▶ **Extracted records**:
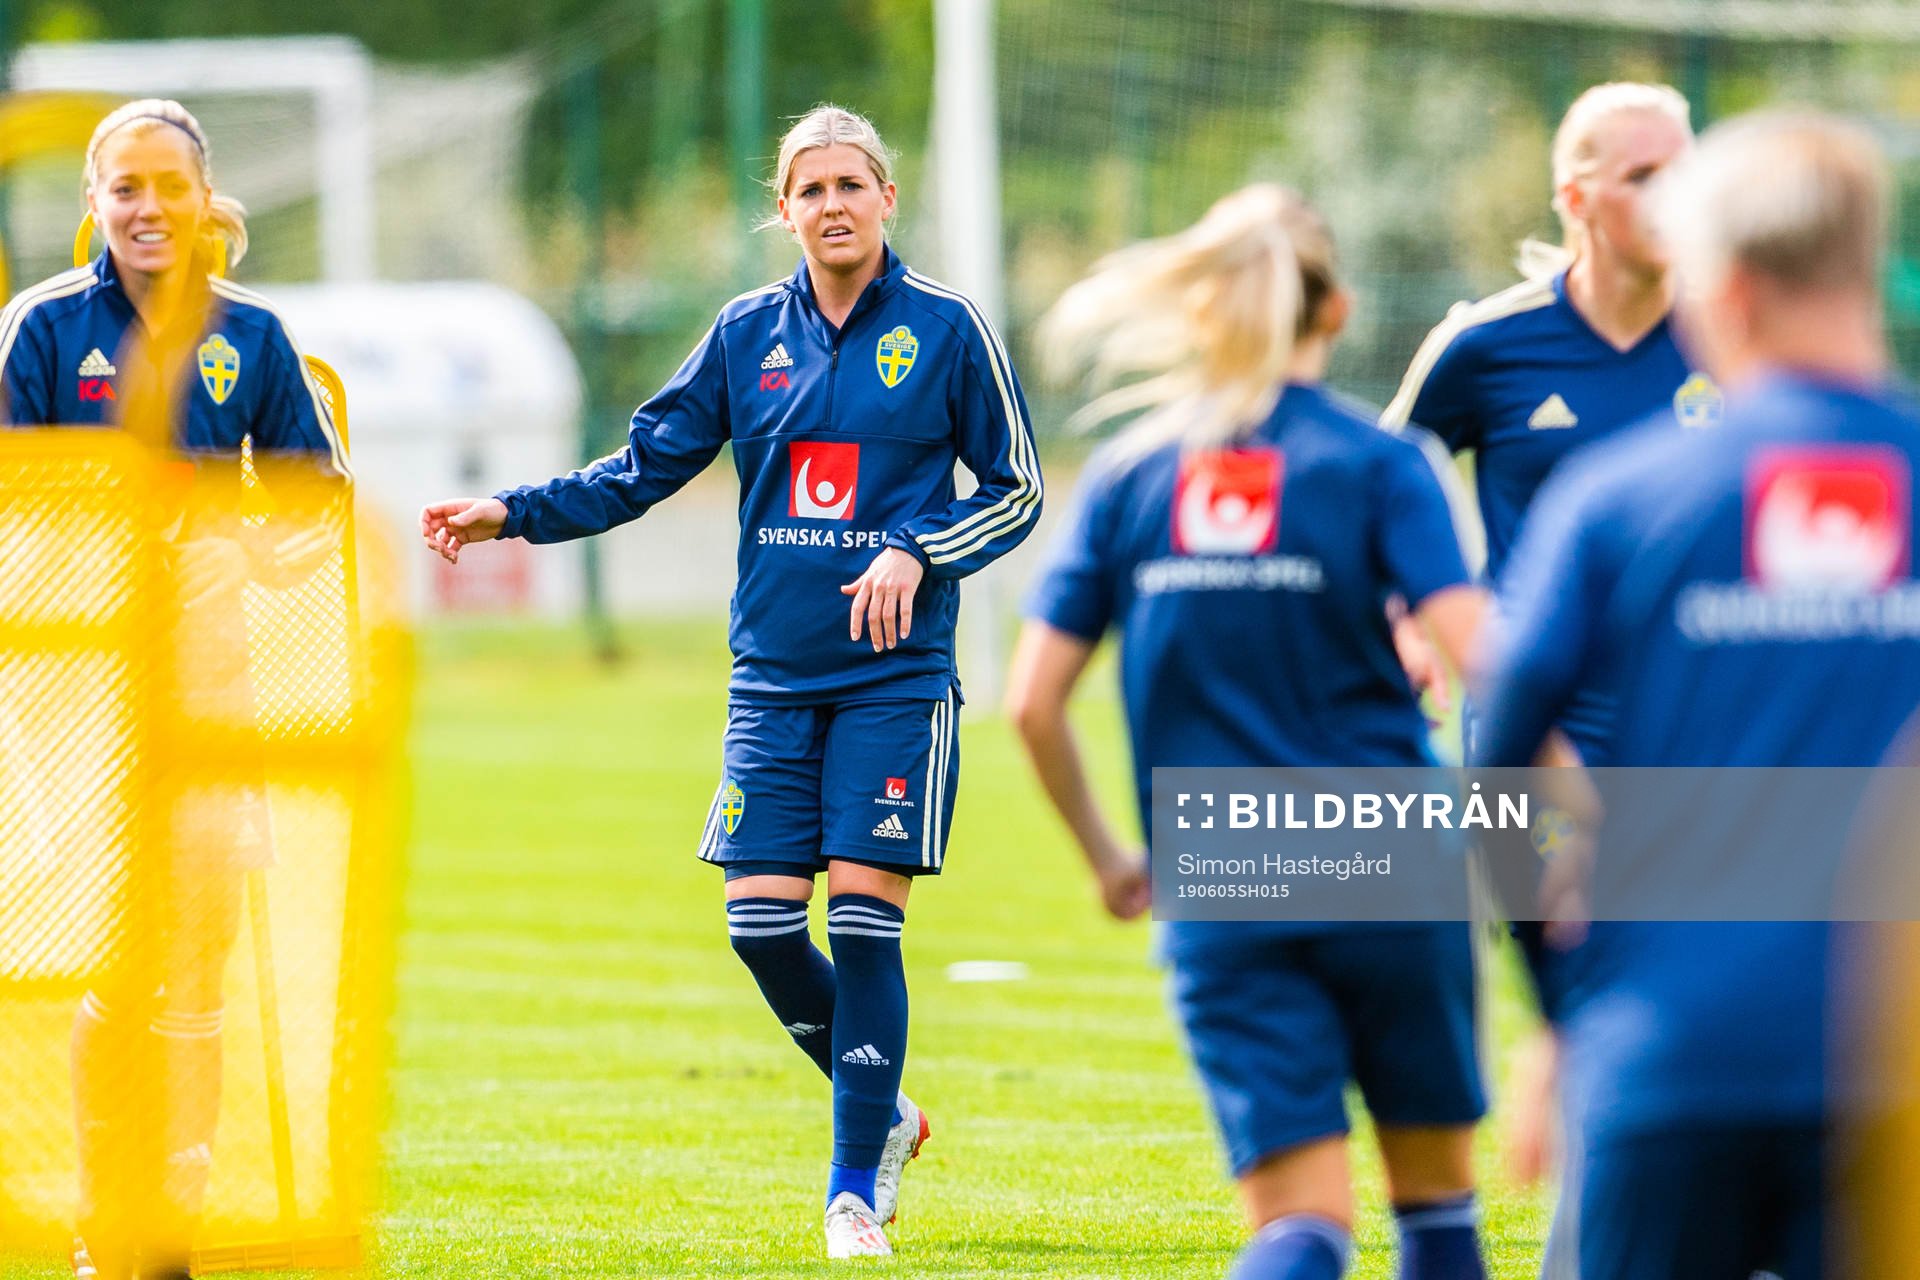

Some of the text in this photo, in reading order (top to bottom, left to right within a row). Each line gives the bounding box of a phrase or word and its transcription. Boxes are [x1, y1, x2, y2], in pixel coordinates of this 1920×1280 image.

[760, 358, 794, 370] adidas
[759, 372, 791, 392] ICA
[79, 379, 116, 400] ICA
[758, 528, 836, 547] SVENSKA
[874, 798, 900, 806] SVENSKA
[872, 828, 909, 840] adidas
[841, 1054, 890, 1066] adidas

▶ **EXERCISE**:
Transcribe all lines above exactly, skipping pictures.

▶ **TASK ANSWER**:
Some of the text in this photo, in reading order (top to bottom, left to right within a row). Each line gives the bounding box of a phrase or word and its transcription. Boxes are [x1, y1, x2, y2], in pixel coordinates of this 1920×1280 image.

[760, 358, 794, 370] adidas
[759, 372, 791, 392] ICA
[79, 379, 116, 400] ICA
[758, 528, 836, 547] SVENSKA
[874, 798, 900, 806] SVENSKA
[872, 828, 909, 840] adidas
[841, 1054, 890, 1066] adidas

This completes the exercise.